For effective health management—an issue that is an outstanding debt throughout the region due to the high, inefficient spending by the health systems—a team of physicians developed a solution based on data science. DHC Health Analytics, formed at the end of 2021, gives insight into the performance of health institutions via several indicators, using analytic intelligence: detection of waste in health, profiling of health effects, health-risk stratification, and consumption management in catastrophic and chronic diseases. The founding members are three doctors who practice medicine in hospitals and at the same are specialists in clinical effectiveness and data science: Pablo M. Desmery, CEO; Sebastián Camerlingo, Data Scientist, and Diego A. Halac, Data Scientist.
Brazil, leading the healthtech industry in Latin America
One of the unexpected yet positive consequences of the pandemic was the consolidation of various startups that are developing health solutions, like the Brazilian companies ISA LAB (at-home vaccination services), and Mevo (digital medical prescriptions), which performed solidly this year. There are also rapidly growing businesses in health and data systems, such as Conexa Saúde (payment and consultation management platform), Alice (primary care unit medical insurance), and Nilo Saúde (elderly care management platform).

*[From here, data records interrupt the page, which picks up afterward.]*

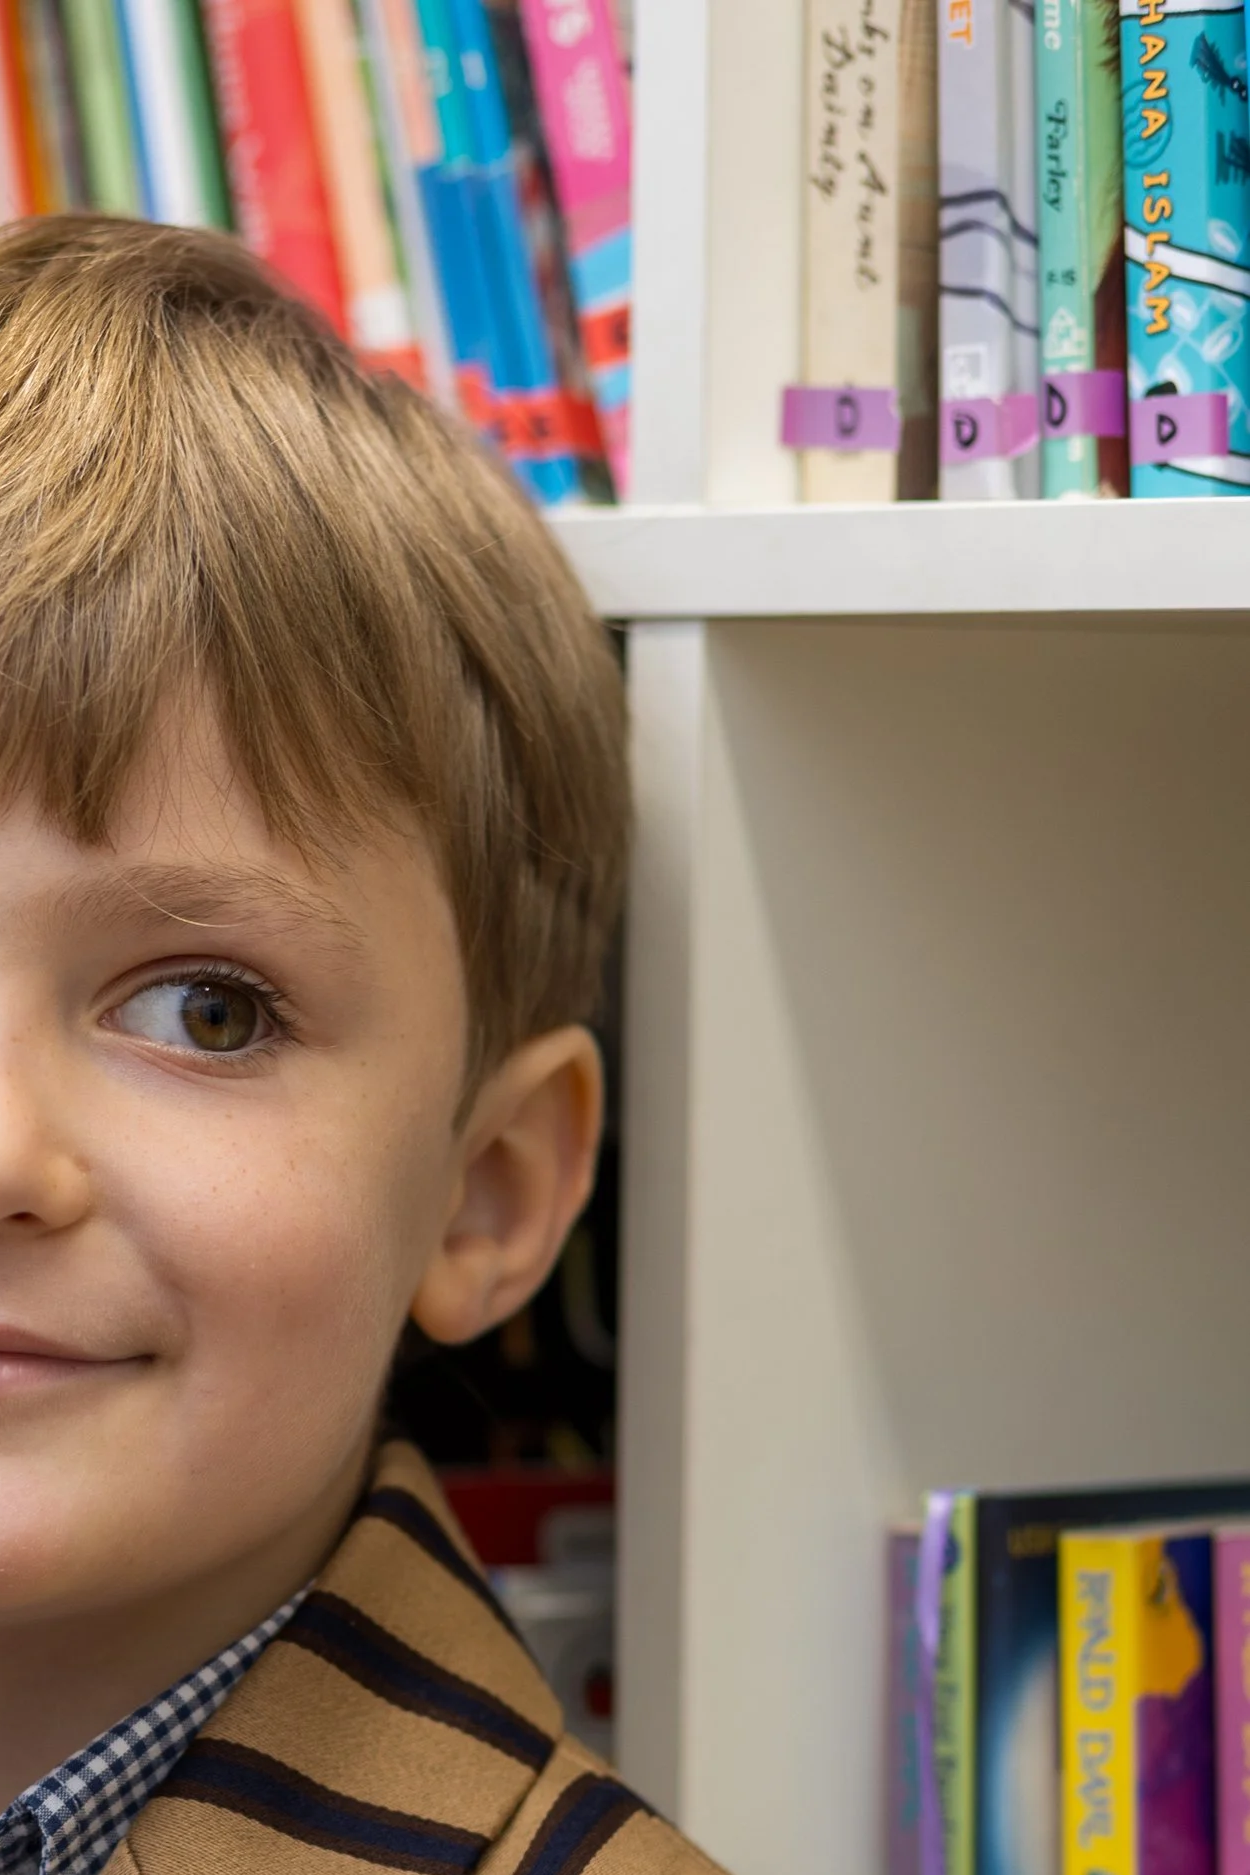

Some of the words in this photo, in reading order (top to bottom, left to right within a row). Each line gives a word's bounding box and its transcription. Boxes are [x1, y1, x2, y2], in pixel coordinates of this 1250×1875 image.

[949, 0, 973, 46] ET
[1138, 0, 1169, 139] HANA
[1043, 98, 1069, 213] Farley
[1142, 170, 1172, 335] ISLAM
[1046, 383, 1068, 429] D
[953, 411, 979, 449] D
[1157, 413, 1178, 447] D
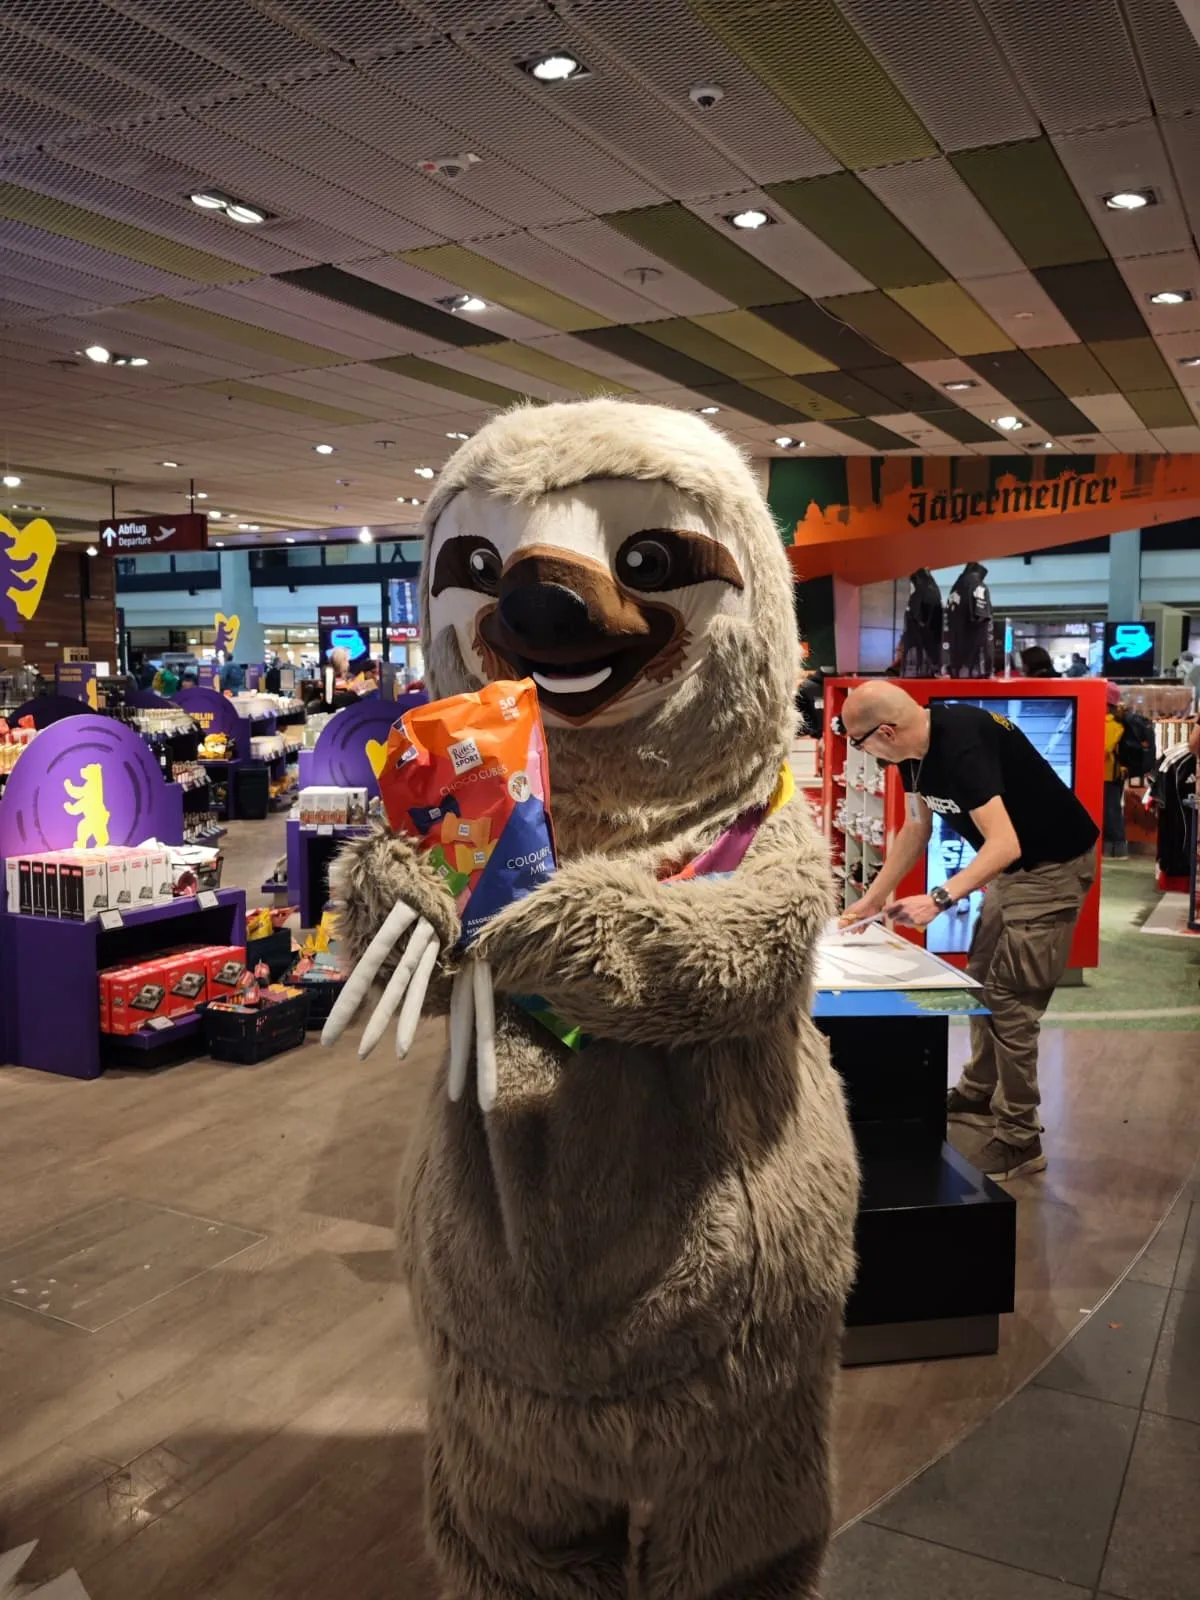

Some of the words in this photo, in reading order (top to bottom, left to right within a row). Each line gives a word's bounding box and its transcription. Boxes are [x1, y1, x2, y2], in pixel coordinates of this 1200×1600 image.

Among these new players, consumer-centric models account for most of the emerging companies in the 2022 cohort of HolonIQ’s LATAM Health Tech 50, which lists the most promising startups in digital health, biotech, medtech, and other areas driving innovation in health care.

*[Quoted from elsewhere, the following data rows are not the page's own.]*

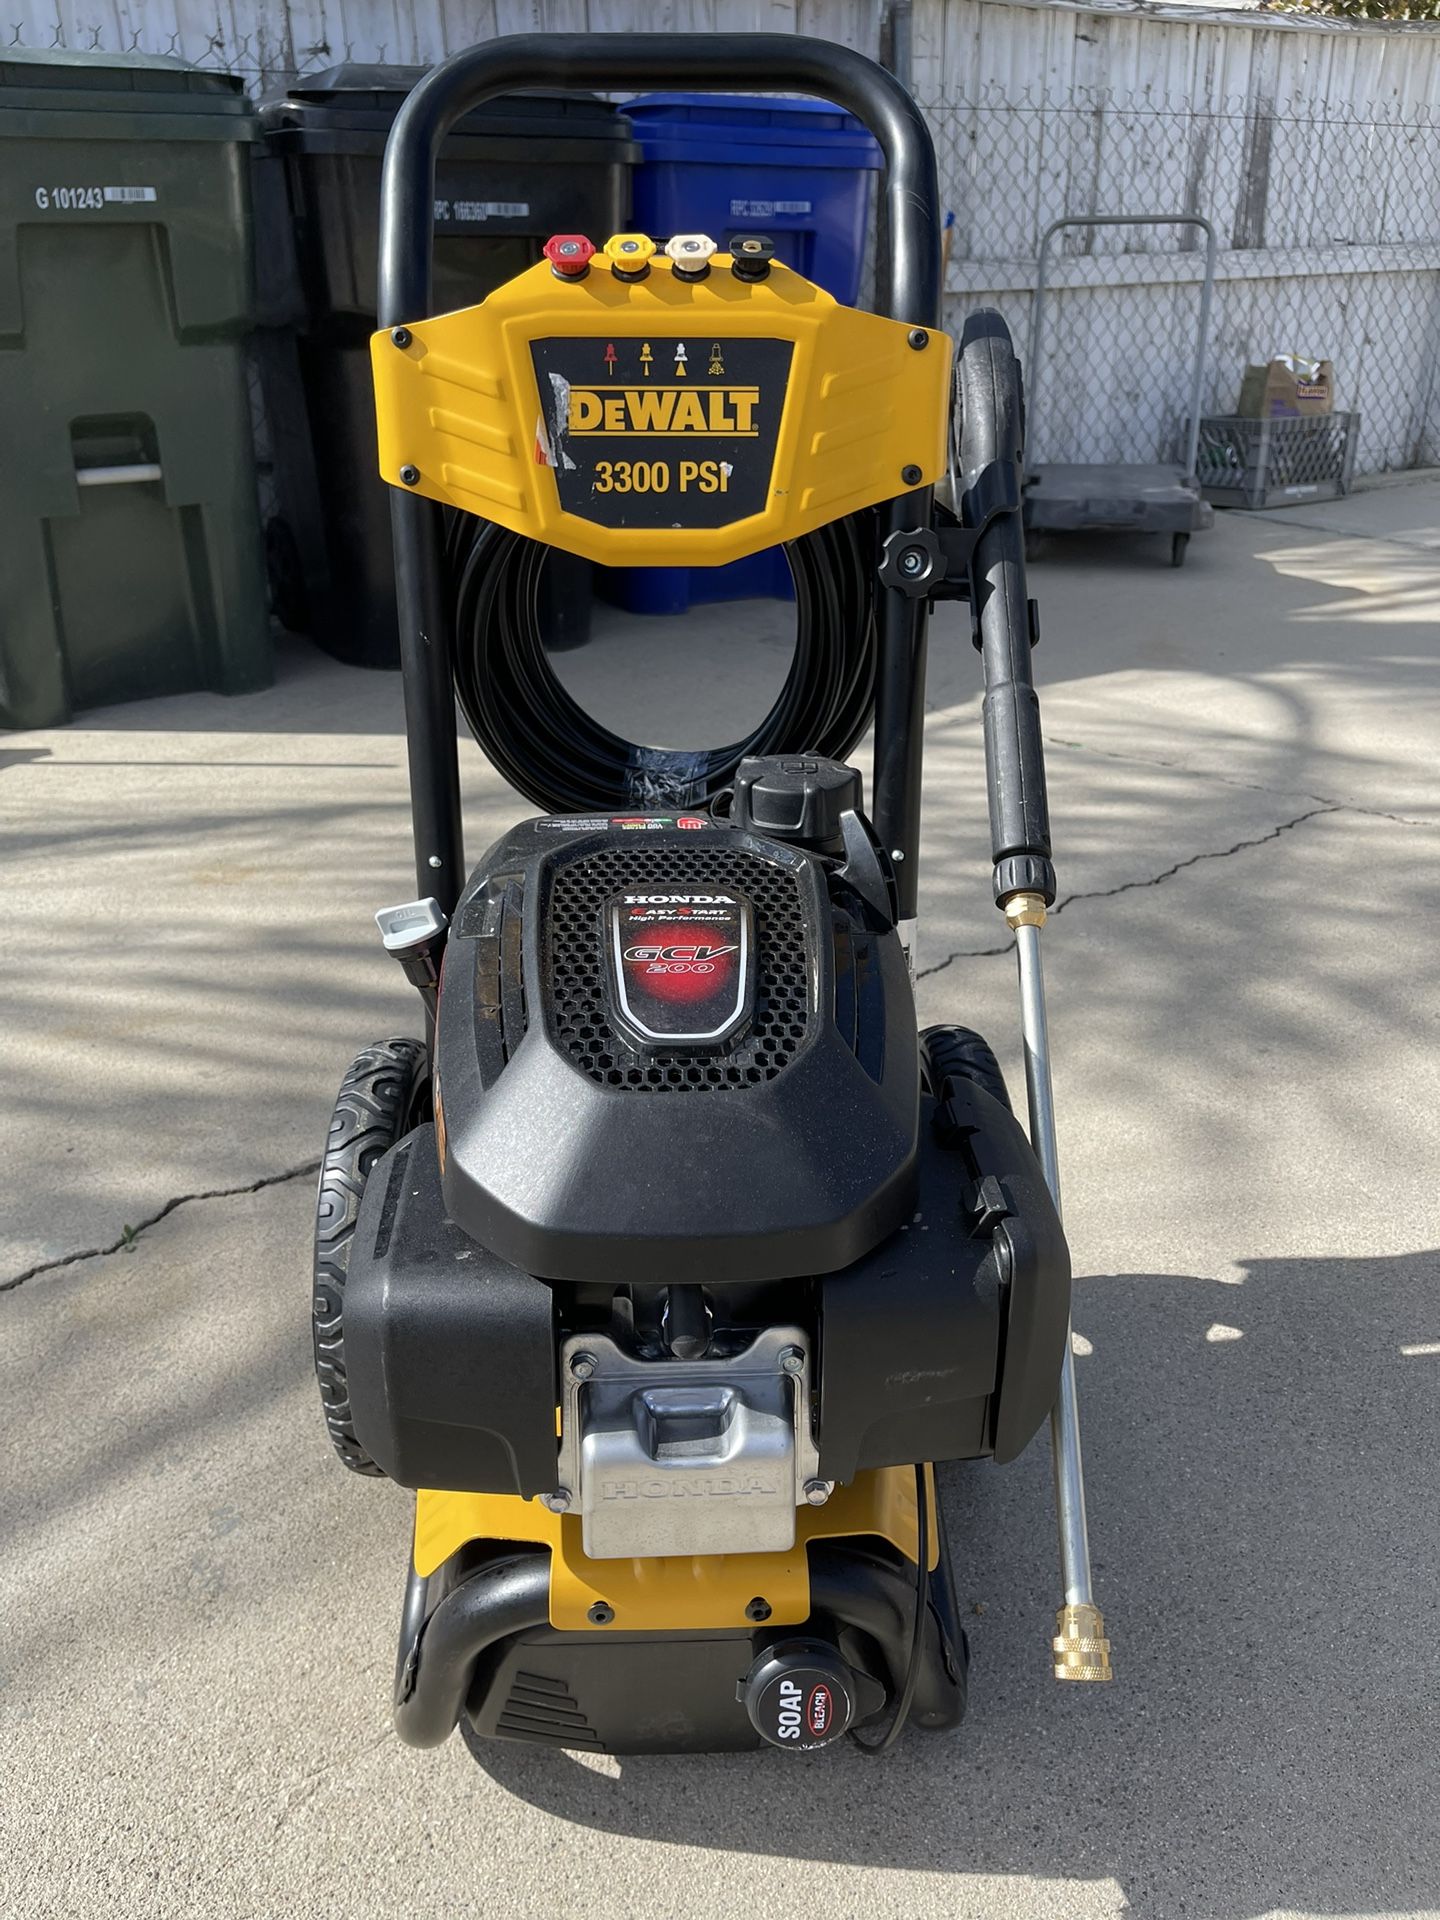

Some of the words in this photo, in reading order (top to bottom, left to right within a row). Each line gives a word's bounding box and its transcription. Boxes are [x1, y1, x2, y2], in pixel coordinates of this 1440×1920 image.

[35, 186, 50, 210] G
[51, 187, 104, 210] 101243
[594, 460, 670, 493] 3300
[679, 460, 729, 493] PSI
[623, 895, 737, 904] HONDA
[631, 906, 677, 915] EASY
[676, 906, 728, 915] START
[623, 945, 739, 962] GCV
[645, 962, 715, 974] 200
[602, 1477, 777, 1501] HONDA
[777, 1680, 803, 1740] SOAP
[813, 1692, 827, 1730] BLEACH

Another company backing innovation is Eurofarma, which started out with Brazilian capital and is among the leading laboratories in its native country, looking to consolidate its arrival and its brand knowledge among medical professionals in the region.
New medical devices being made in Mexico
Mexico is the most competitive country in the world in terms of manufacturing costs for medical devices, which are around 25% lower than those of the United States and up to 6% lower than China’s. According to Carlos Alejandro Salazar Gaytán, CEO of Medical Expo, the pandemic attracted nearly a dozen ten medical-device factories to the country. Additionally, according to data from the Mexican Association of Innovative Medical Devices (AMID), the move by factories from Asia to Mexico was in response the COVID-19 pandemic. Indeed, the supply-chain problems caused by COVID-19 and Mexico’s proximity to the world’s biggest importer are some of the factors that make nearshoring in Mexico attractive.
Another fact that speaks to the dynamism of the medical-device industry in Mexico comes from the INEFAM Pharmaceutical Institute: Mexico’s medical-device export capacity currently stands at 200 billion pesos. “We have a robust industry that stems from Mexico setting up medical-device production during the pandemic,” said Juan de Villafranca, president of Mexican Association of Pharmaceutical Laboratories (AMELAF). Ricardo Gómez Bayardo, CEO of Clúster de Ingeniería Biomédica in Jalisco, says the pandemic made it possible to focus on medical devices and understand the importance of quality, since every device is related to saving lives.